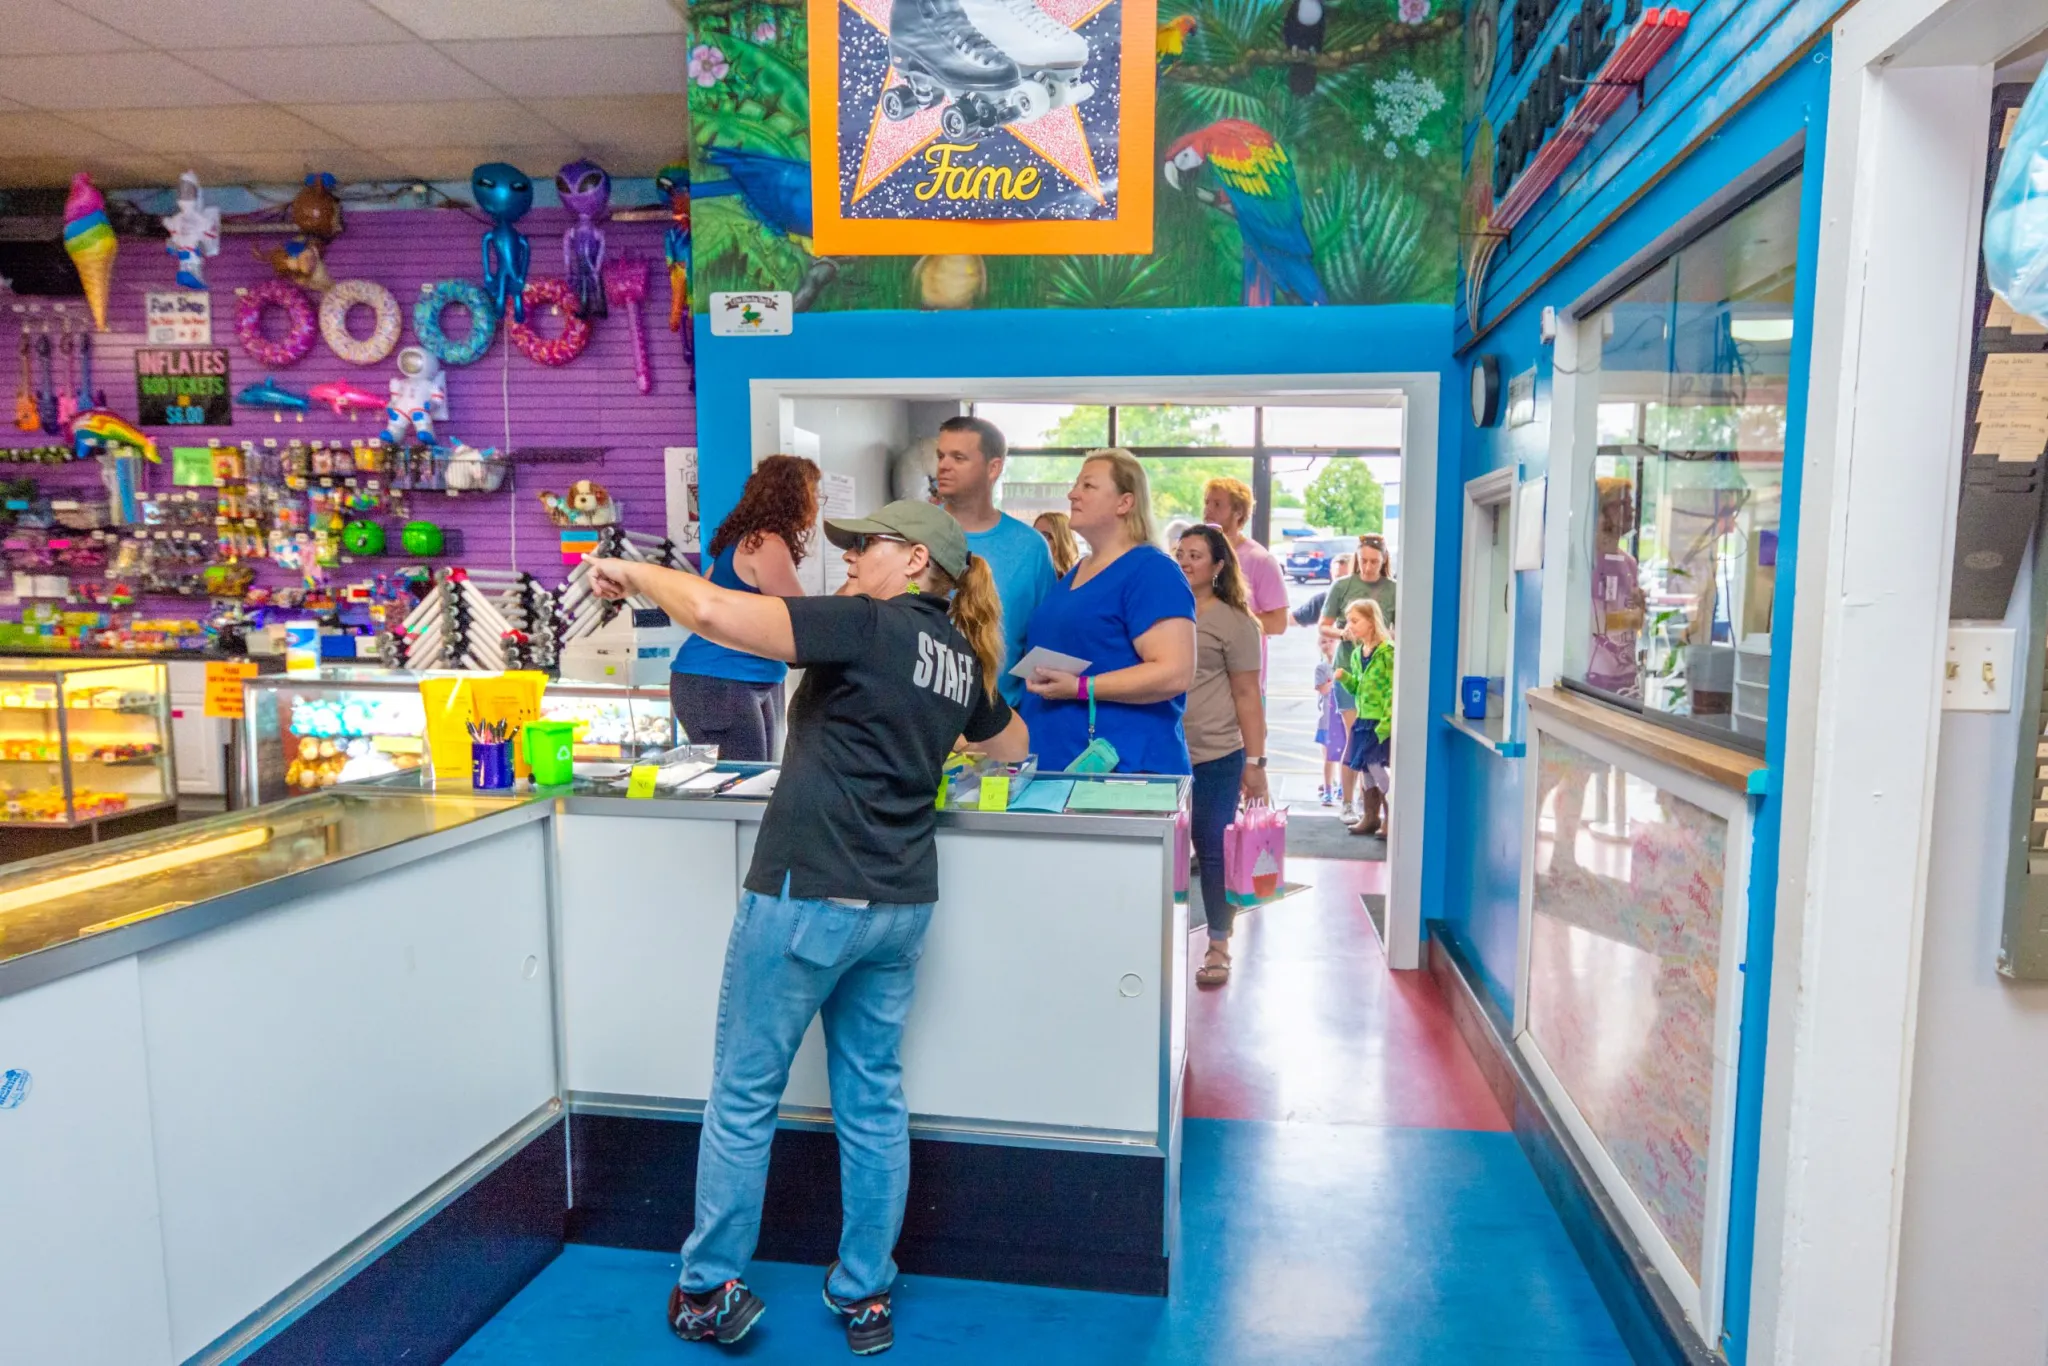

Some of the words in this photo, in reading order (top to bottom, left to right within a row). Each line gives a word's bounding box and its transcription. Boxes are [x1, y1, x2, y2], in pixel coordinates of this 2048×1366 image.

[914, 142, 1042, 201] Fame
[138, 351, 225, 374] INFLATES
[913, 631, 974, 708] STAFF
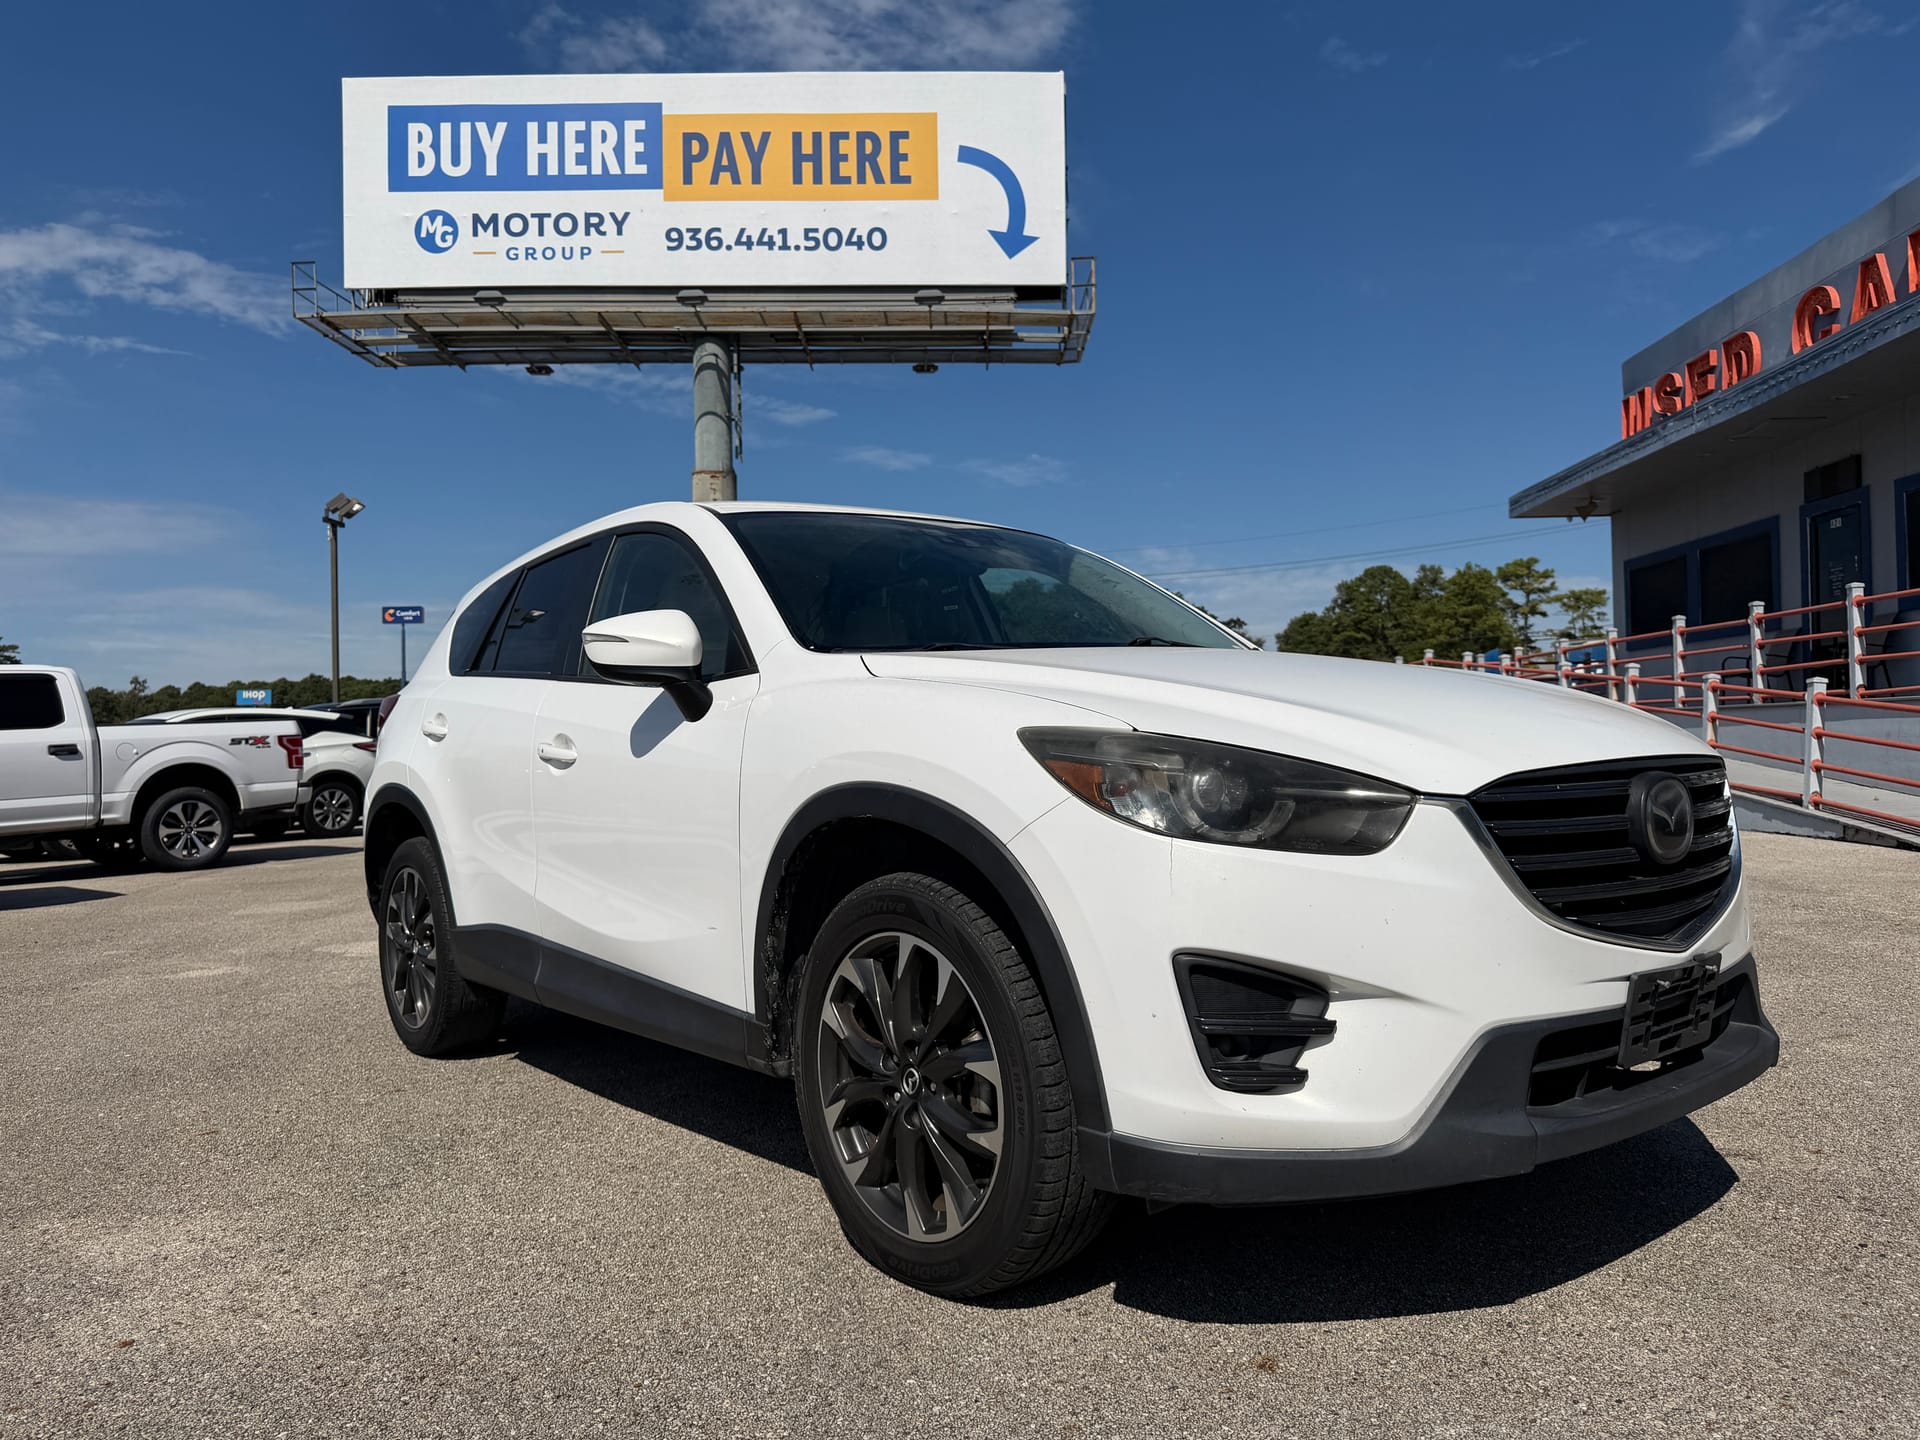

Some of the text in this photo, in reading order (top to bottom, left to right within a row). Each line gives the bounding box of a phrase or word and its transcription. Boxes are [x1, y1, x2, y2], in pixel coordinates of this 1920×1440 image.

[407, 119, 648, 177] BUY HERE
[681, 130, 912, 186] PAY HERE
[420, 215, 454, 248] MG
[471, 211, 631, 238] MOTORY
[664, 226, 888, 252] 936.441.5040
[505, 246, 592, 261] GROUP
[1622, 331, 1762, 440] USED
[229, 736, 271, 746] STX

-----

Only the lines from the one containing "Some of the text" through the end of the records above belong in the answer, each exactly as written.

Some of the text in this photo, in reading order (top to bottom, left to right within a row). Each line gives the bounding box of a phrase or word and its transcription. Boxes are [x1, y1, x2, y2], in pixel coordinates of this 1920×1440 image.

[407, 119, 648, 177] BUY HERE
[681, 130, 912, 186] PAY HERE
[420, 215, 454, 248] MG
[471, 211, 631, 238] MOTORY
[664, 226, 888, 252] 936.441.5040
[505, 246, 592, 261] GROUP
[1622, 331, 1762, 440] USED
[229, 736, 271, 746] STX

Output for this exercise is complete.